Kiev scraps plan to build Babi Yar hotel
The authorities in Kiev have scrapped a widely criticised plan to build a hotel near what experts say was a killing field used by Nazis during the Babi Yar massacre, officials said on Monday.
Kiev: The authorities in Kiev have scrapped a widely criticised plan to build a hotel near what experts say was a killing field used by Nazis during the Babi Yar massacre, officials said on Monday.
Mayor Leonid Chernovetsky`s office said he vetoed a decision by the city council to build the hotel, which would have been called Babi Yar.
The decision to build a hotel there had been supported by members of the Mayor`s faction in the city council. They said Kiev, the Ukrainian capital, needed more hotels to host the 2012 European soccer championship and develop tourism after the event. They argued that the planned hotel would not touch any of the remains.

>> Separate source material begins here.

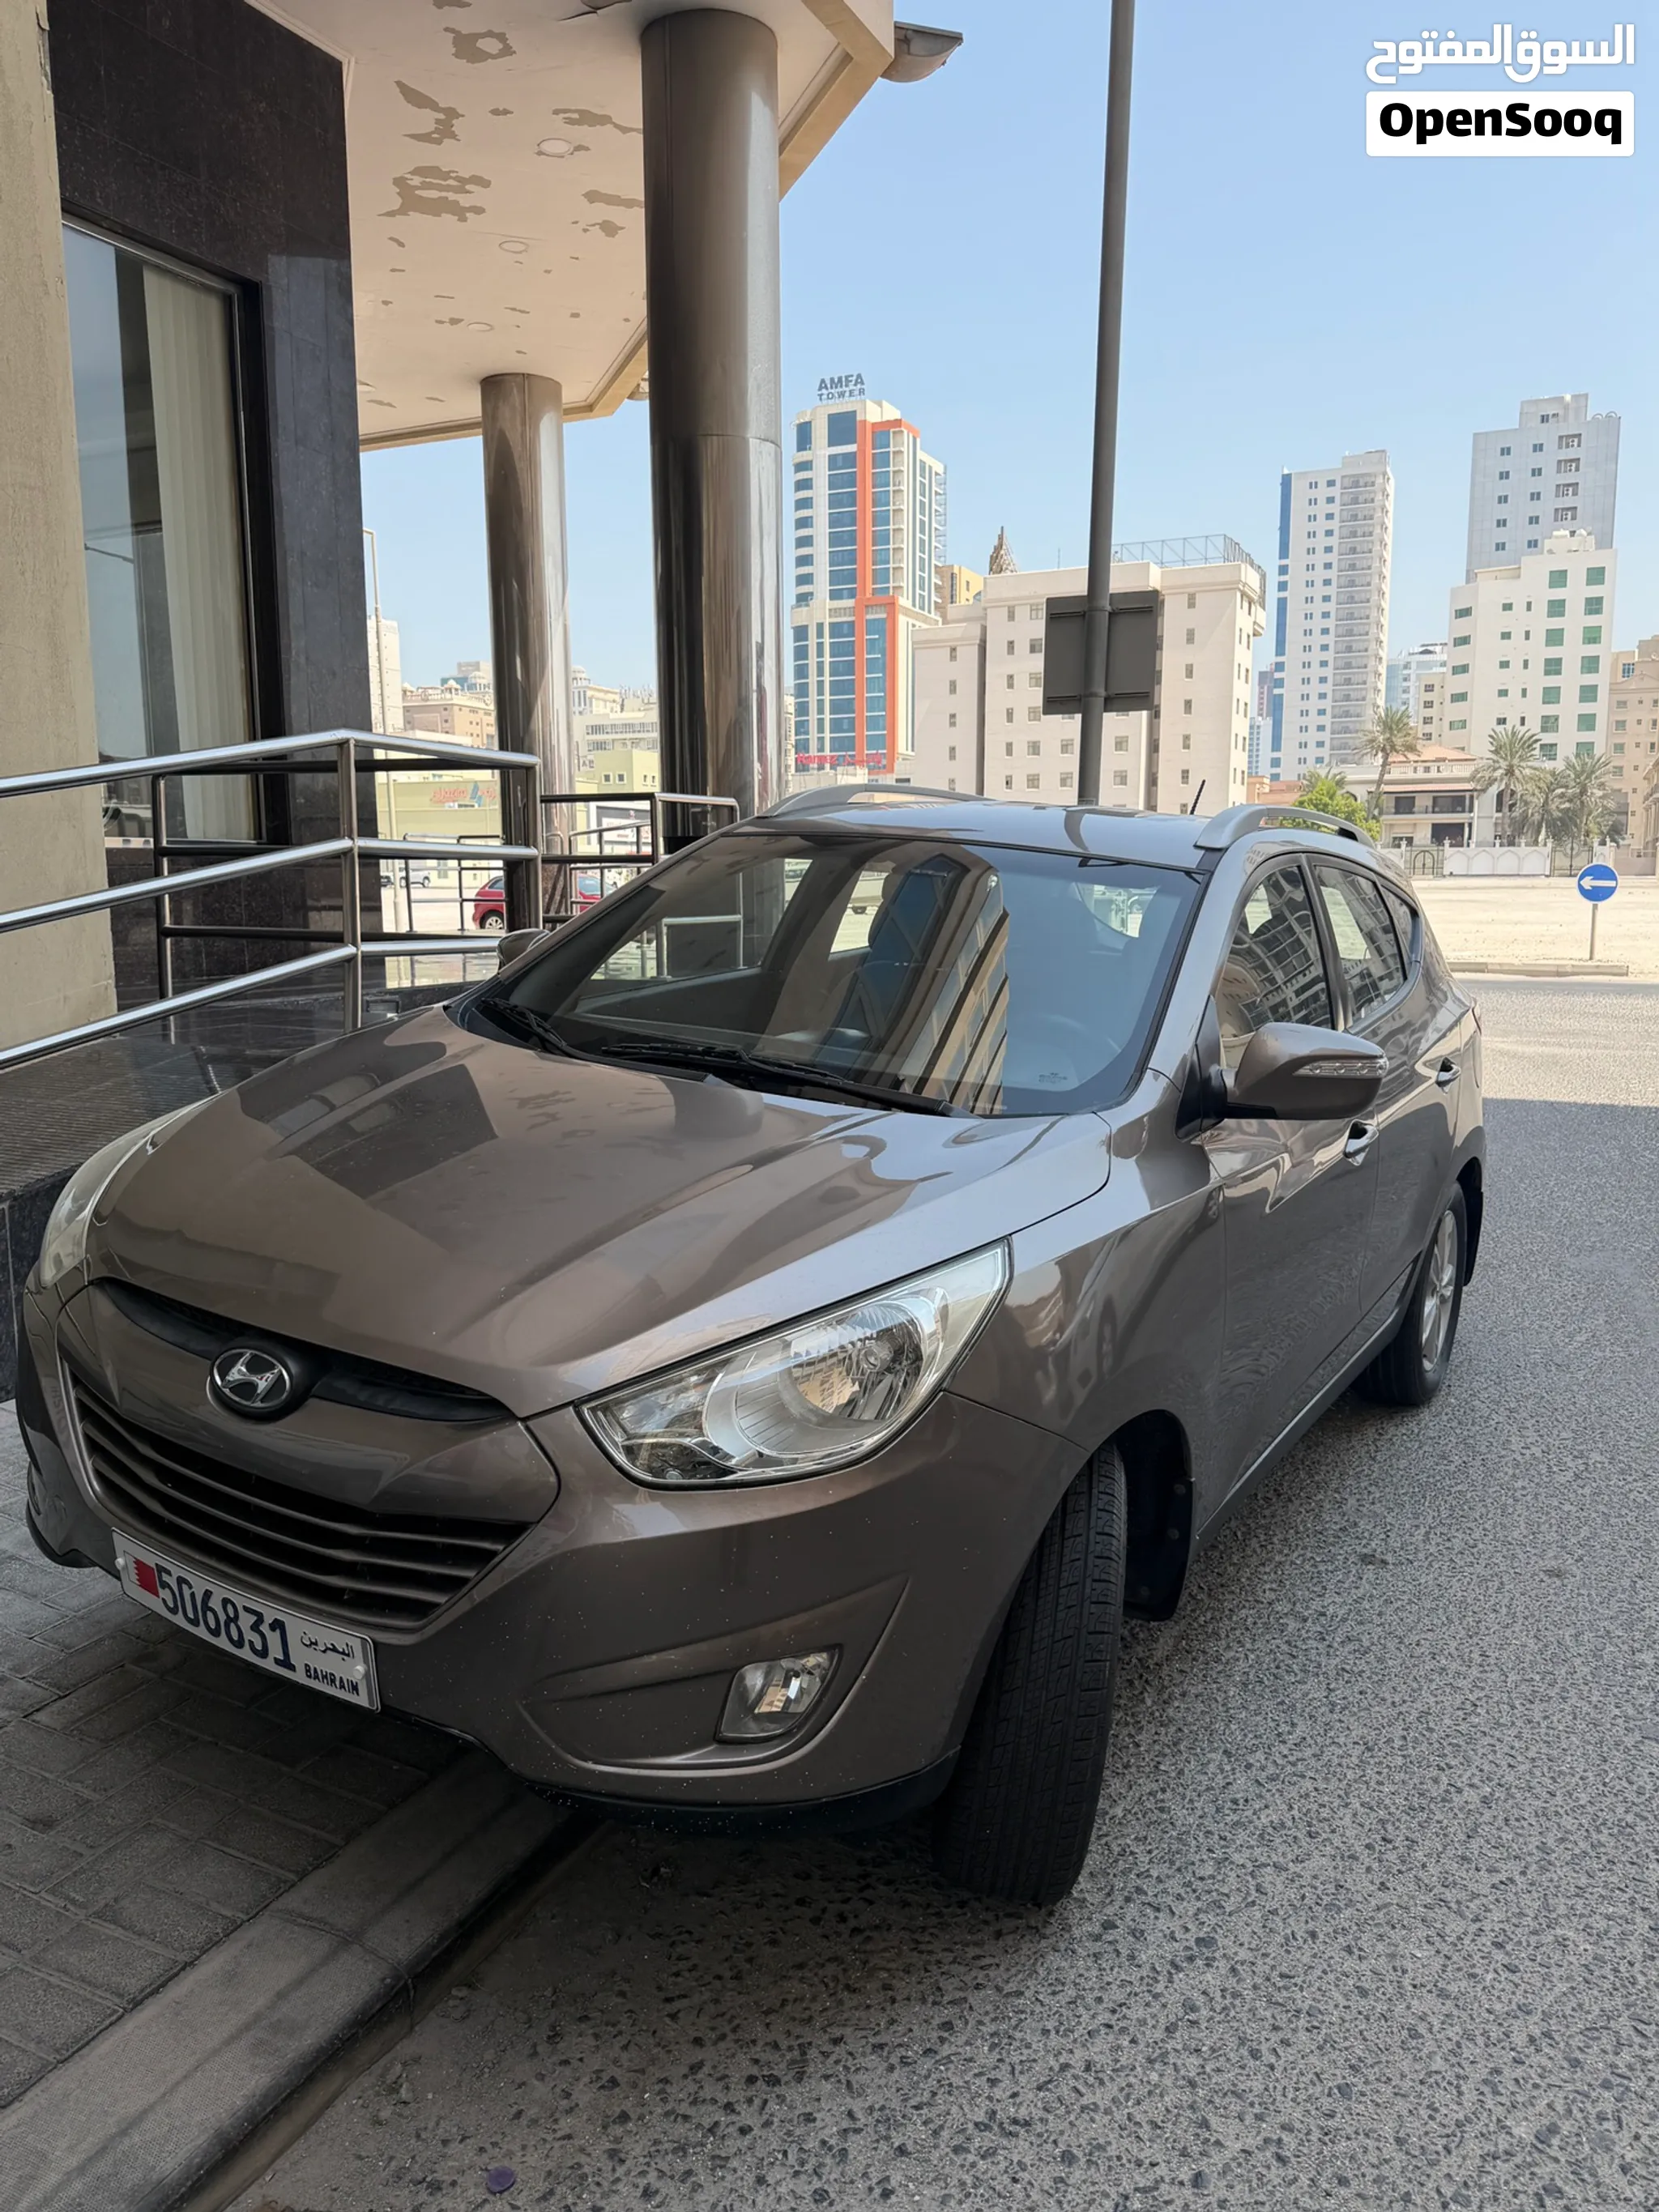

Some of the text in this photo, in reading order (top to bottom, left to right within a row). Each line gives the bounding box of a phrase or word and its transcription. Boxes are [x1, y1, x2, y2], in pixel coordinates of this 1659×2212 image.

Marta Hrymska, a spokeswoman for Chernovetsky, said the hotel had been merely a tentative plan by city architects and it has been rejected.
"It was just a proposal," Hrymska said. "Nobody has allocated any land, there are no investors, no hotel is being built. We are not going to build anything."

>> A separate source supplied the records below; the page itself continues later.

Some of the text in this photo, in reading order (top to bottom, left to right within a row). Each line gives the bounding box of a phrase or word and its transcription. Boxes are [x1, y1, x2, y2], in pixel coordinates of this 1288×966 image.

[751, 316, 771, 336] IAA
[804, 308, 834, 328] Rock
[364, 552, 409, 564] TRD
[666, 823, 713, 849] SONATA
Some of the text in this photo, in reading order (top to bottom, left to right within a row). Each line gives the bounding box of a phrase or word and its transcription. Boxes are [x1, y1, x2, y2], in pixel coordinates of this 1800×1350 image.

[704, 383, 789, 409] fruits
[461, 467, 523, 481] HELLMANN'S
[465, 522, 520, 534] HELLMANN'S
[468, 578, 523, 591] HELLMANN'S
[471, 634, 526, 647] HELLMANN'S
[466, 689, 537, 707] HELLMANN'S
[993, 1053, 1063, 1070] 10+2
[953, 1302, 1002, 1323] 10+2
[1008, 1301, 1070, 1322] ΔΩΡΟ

The hotel would have been built in the middle of the main killing site, according to Vitaliy Nakhmanovich, a leading Ukrainian Babi Yar scholar.
Jewish groups condemned the plan harshly, saying it would show disrespect for the victims of one of the worst chapters of the Holocaust. More than 33,700 Jews were shot at Babi Yar over 48 hours beginning September 29, 1941. In the ensuing months, the ravine was filled with an estimated 100,000 bodies, among them those of non-Jewish Kiev residents and Red Army prisoners of the Nazis.
The 68th anniversary of the massacre will be observed on Tuesday.
Alexei Kuznetsov, the son of Soviet writer Anatoly Kuznetsov, who authored "Babi Yar," a book documenting the massacre, said the plan to build a hotel on the site showed Ukrainian authorities` reluctance to honour the tragedy after decades of silence under the Soviet rule.
The location went officially unmarked for many years under the anti-Semitic Soviet authorities, who didn`t want to single out Babi Yar as a Jewish tragedy.
Kuznetsov called for building a government-sponsored memorial on the spot where several monuments to the tragedy are now located, but which are not yet linked into a comprehensive remembrance complex.
"It`s that Soviet delayed-action mine that is exploding only now," Kuznetsov said. "If the Babi Yar tragedy hadn`t been kept secret, ... there would be no talk about this (hotel) now."